- [Entries shown]

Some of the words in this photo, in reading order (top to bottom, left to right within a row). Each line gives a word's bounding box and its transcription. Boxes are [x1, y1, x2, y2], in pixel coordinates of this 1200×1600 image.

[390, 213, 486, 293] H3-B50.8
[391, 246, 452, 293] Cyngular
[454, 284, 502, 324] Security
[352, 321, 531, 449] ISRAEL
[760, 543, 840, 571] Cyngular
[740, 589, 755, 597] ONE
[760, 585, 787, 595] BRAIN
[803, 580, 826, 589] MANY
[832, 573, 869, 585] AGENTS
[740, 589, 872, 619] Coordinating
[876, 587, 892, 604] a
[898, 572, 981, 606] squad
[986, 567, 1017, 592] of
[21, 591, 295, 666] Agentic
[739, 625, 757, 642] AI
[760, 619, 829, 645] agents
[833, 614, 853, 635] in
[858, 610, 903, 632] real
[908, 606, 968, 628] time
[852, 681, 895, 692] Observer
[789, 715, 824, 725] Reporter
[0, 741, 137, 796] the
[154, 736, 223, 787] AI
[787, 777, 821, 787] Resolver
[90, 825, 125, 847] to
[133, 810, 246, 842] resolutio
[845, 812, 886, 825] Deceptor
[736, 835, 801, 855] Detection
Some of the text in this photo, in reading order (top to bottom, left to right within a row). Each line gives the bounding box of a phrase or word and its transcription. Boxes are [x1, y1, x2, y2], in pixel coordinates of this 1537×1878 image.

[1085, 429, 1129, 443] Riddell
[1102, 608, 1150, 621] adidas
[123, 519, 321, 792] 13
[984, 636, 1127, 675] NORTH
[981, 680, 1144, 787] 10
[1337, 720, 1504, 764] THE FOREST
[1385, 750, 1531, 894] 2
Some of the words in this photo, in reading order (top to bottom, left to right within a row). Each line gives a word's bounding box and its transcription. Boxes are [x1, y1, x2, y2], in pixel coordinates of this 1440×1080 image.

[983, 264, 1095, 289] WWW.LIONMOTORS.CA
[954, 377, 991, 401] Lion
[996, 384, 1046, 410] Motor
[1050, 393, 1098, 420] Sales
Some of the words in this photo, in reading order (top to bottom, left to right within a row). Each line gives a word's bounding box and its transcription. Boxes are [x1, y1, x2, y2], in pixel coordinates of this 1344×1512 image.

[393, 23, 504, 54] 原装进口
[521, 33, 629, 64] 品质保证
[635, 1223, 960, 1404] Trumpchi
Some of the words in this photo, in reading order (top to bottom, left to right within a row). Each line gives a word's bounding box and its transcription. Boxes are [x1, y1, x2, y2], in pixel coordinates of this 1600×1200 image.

- [Description of the task] Copy each line of the records verbatim.

- [Expected output]
Some of the words in this photo, in reading order (top to bottom, left to right within a row). Each line gives a word's bounding box and its transcription. Boxes are [x1, y1, x2, y2], in pixel coordinates of this 1200×1600 image.

[390, 213, 486, 293] H3-B50.8
[391, 246, 452, 293] Cyngular
[454, 284, 502, 324] Security
[352, 321, 531, 449] ISRAEL
[760, 543, 840, 571] Cyngular
[740, 589, 755, 597] ONE
[760, 585, 787, 595] BRAIN
[803, 580, 826, 589] MANY
[832, 573, 869, 585] AGENTS
[740, 589, 872, 619] Coordinating
[876, 587, 892, 604] a
[898, 572, 981, 606] squad
[986, 567, 1017, 592] of
[21, 591, 295, 666] Agentic
[739, 625, 757, 642] AI
[760, 619, 829, 645] agents
[833, 614, 853, 635] in
[858, 610, 903, 632] real
[908, 606, 968, 628] time
[852, 681, 895, 692] Observer
[789, 715, 824, 725] Reporter
[0, 741, 137, 796] the
[154, 736, 223, 787] AI
[787, 777, 821, 787] Resolver
[90, 825, 125, 847] to
[133, 810, 246, 842] resolutio
[845, 812, 886, 825] Deceptor
[736, 835, 801, 855] Detection
Some of the text in this photo, in reading order (top to bottom, left to right within a row). Each line gives the bounding box of a phrase or word and its transcription. Boxes are [x1, y1, x2, y2], in pixel coordinates of this 1537×1878 image.

[1085, 429, 1129, 443] Riddell
[1102, 608, 1150, 621] adidas
[123, 519, 321, 792] 13
[984, 636, 1127, 675] NORTH
[981, 680, 1144, 787] 10
[1337, 720, 1504, 764] THE FOREST
[1385, 750, 1531, 894] 2
Some of the words in this photo, in reading order (top to bottom, left to right within a row). Each line gives a word's bounding box and its transcription. Boxes are [x1, y1, x2, y2], in pixel coordinates of this 1440×1080 image.

[983, 264, 1095, 289] WWW.LIONMOTORS.CA
[954, 377, 991, 401] Lion
[996, 384, 1046, 410] Motor
[1050, 393, 1098, 420] Sales
Some of the words in this photo, in reading order (top to bottom, left to right within a row). Each line gives a word's bounding box and its transcription. Boxes are [x1, y1, x2, y2], in pixel coordinates of this 1344×1512 image.

[393, 23, 504, 54] 原装进口
[521, 33, 629, 64] 品质保证
[635, 1223, 960, 1404] Trumpchi
Some of the words in this photo, in reading order (top to bottom, left to right within a row). Each line gives a word's bounding box and its transcription. Boxes are [x1, y1, x2, y2], in pixel coordinates of this 1600×1200 image.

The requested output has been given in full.